• **REQUIREMENT**
The output should be every line below, retyped exactly, with no images.

• **SUPPLIED DATA**
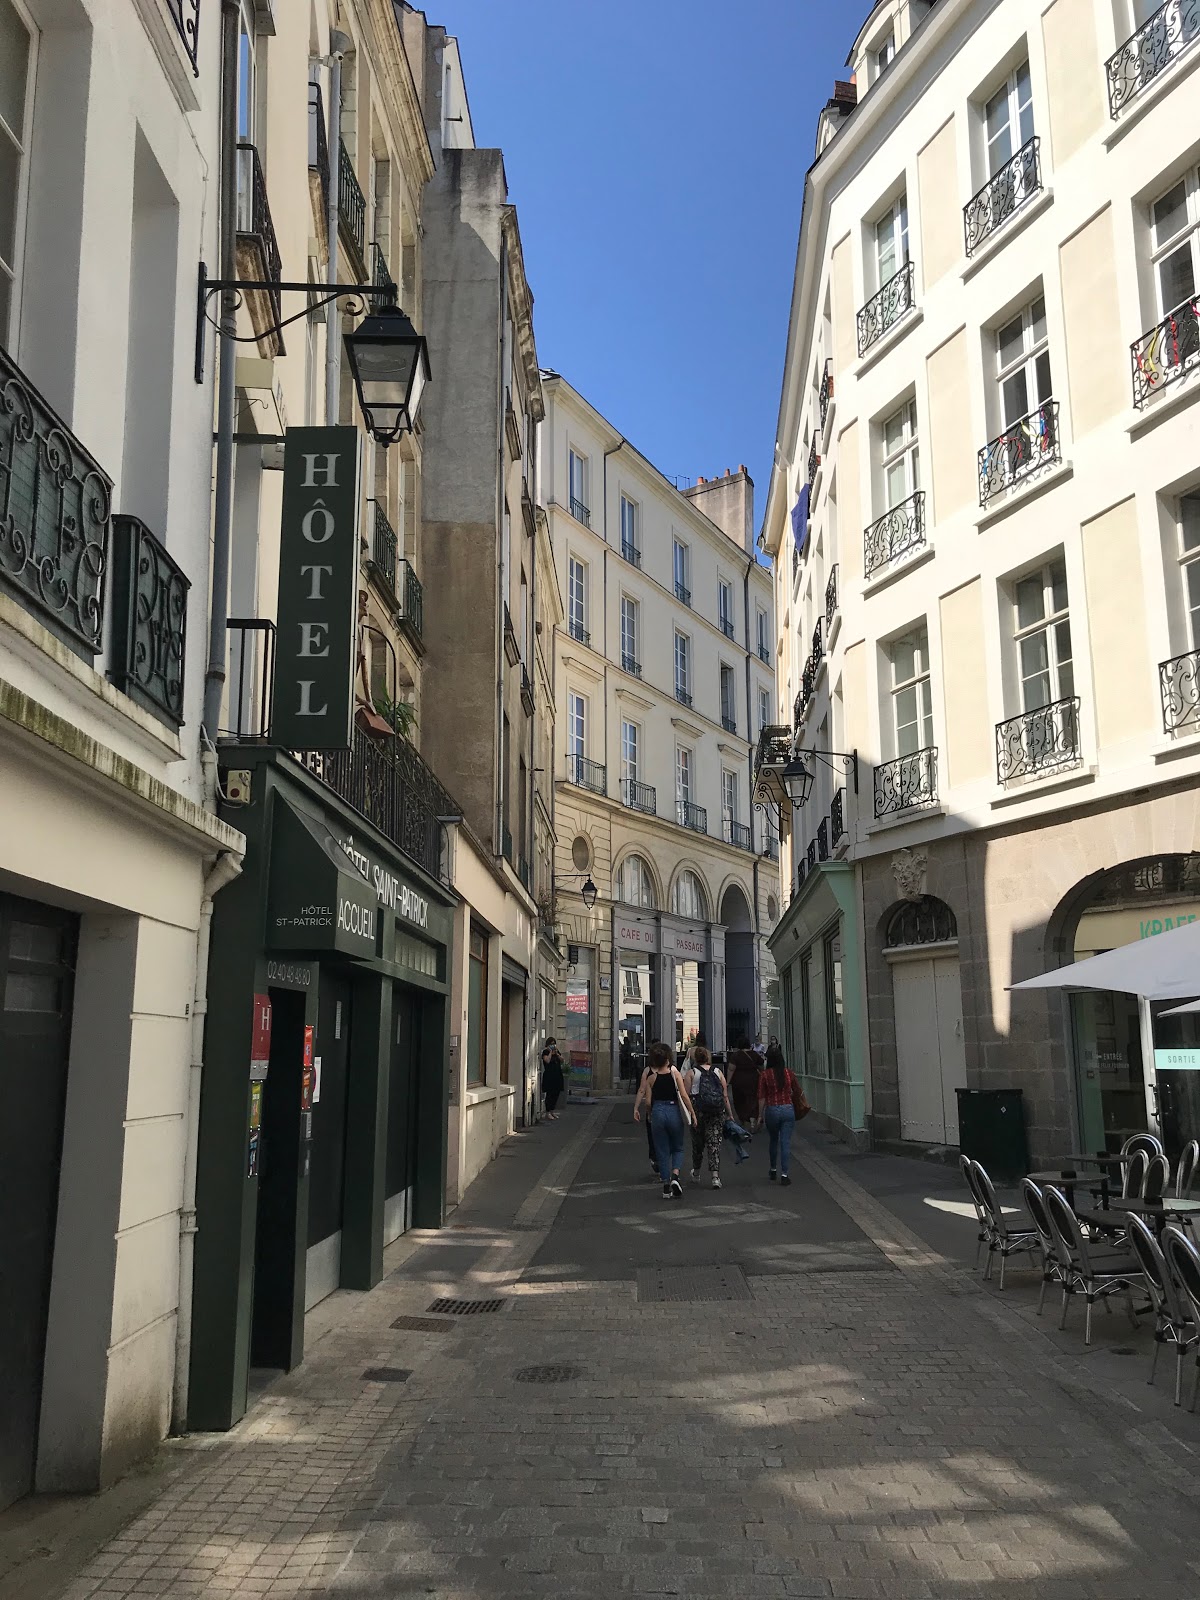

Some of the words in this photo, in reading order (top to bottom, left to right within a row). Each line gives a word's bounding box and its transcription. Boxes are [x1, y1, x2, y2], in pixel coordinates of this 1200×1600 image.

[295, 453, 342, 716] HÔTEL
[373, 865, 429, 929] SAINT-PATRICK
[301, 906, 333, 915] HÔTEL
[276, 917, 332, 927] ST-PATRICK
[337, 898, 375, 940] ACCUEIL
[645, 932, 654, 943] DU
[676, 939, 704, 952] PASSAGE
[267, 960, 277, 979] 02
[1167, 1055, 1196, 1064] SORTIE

• **RESPONSE BELOW**
Some of the words in this photo, in reading order (top to bottom, left to right within a row). Each line gives a word's bounding box and its transcription. Boxes are [x1, y1, x2, y2], in pixel coordinates of this 1200×1600 image.

[295, 453, 342, 716] HÔTEL
[373, 865, 429, 929] SAINT-PATRICK
[301, 906, 333, 915] HÔTEL
[276, 917, 332, 927] ST-PATRICK
[337, 898, 375, 940] ACCUEIL
[645, 932, 654, 943] DU
[676, 939, 704, 952] PASSAGE
[267, 960, 277, 979] 02
[1167, 1055, 1196, 1064] SORTIE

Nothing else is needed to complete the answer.